→ **TASK TO CARRY OUT**
Your task is to transcribe each record exactly and to omit every image.

EXCERPTED DATA START

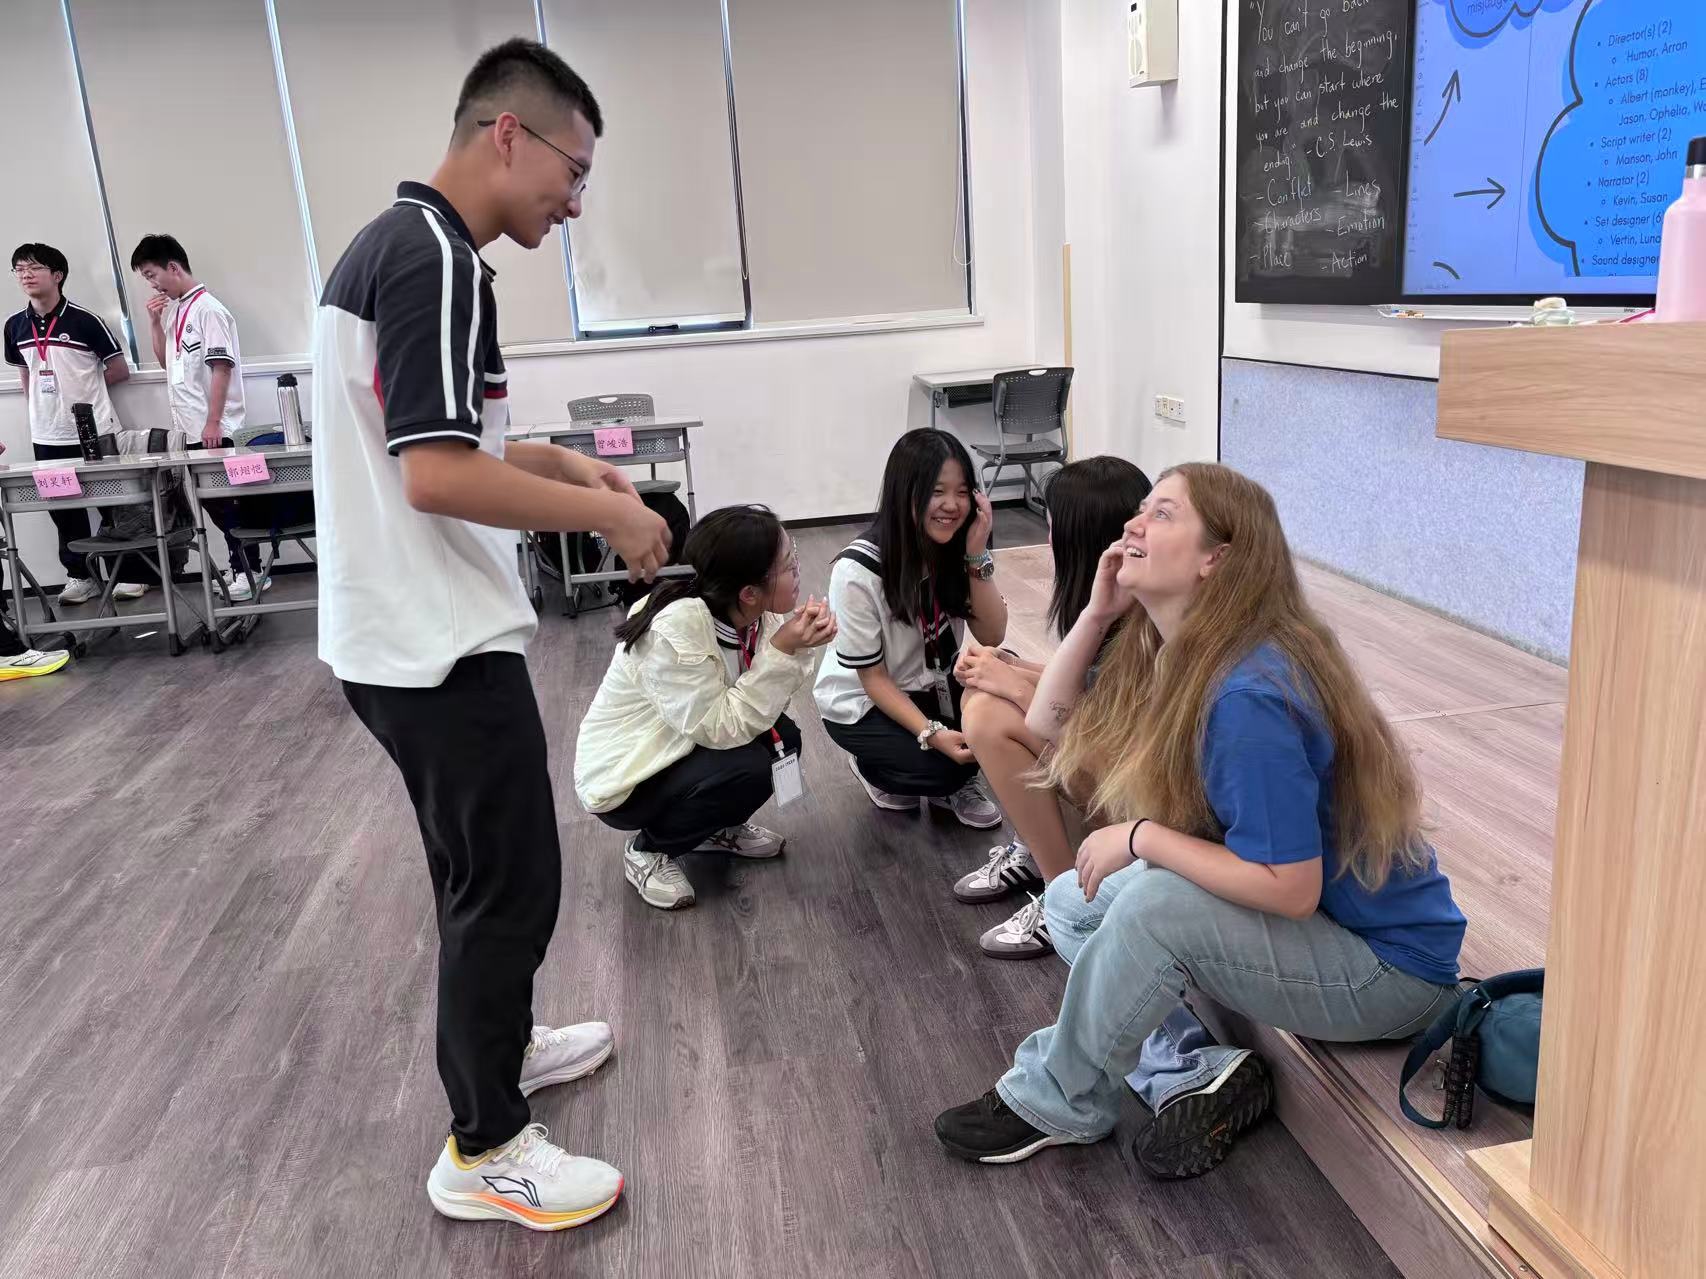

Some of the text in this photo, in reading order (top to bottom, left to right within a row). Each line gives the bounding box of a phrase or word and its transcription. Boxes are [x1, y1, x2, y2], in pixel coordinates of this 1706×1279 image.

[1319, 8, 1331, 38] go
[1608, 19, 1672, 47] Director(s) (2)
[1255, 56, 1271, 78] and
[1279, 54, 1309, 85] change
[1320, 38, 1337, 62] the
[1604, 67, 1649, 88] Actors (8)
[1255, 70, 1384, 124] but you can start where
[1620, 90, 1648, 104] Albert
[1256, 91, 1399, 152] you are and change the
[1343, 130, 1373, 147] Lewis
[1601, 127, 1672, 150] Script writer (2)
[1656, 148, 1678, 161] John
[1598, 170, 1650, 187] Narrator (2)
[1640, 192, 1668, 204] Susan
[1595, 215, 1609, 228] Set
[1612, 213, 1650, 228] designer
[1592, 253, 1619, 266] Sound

EXCERPTED DATA END

→ **ANSWER SECTION**
Some of the text in this photo, in reading order (top to bottom, left to right within a row). Each line gives the bounding box of a phrase or word and its transcription. Boxes are [x1, y1, x2, y2], in pixel coordinates of this 1706×1279 image.

[1319, 8, 1331, 38] go
[1608, 19, 1672, 47] Director(s) (2)
[1255, 56, 1271, 78] and
[1279, 54, 1309, 85] change
[1320, 38, 1337, 62] the
[1604, 67, 1649, 88] Actors (8)
[1255, 70, 1384, 124] but you can start where
[1620, 90, 1648, 104] Albert
[1256, 91, 1399, 152] you are and change the
[1343, 130, 1373, 147] Lewis
[1601, 127, 1672, 150] Script writer (2)
[1656, 148, 1678, 161] John
[1598, 170, 1650, 187] Narrator (2)
[1640, 192, 1668, 204] Susan
[1595, 215, 1609, 228] Set
[1612, 213, 1650, 228] designer
[1592, 253, 1619, 266] Sound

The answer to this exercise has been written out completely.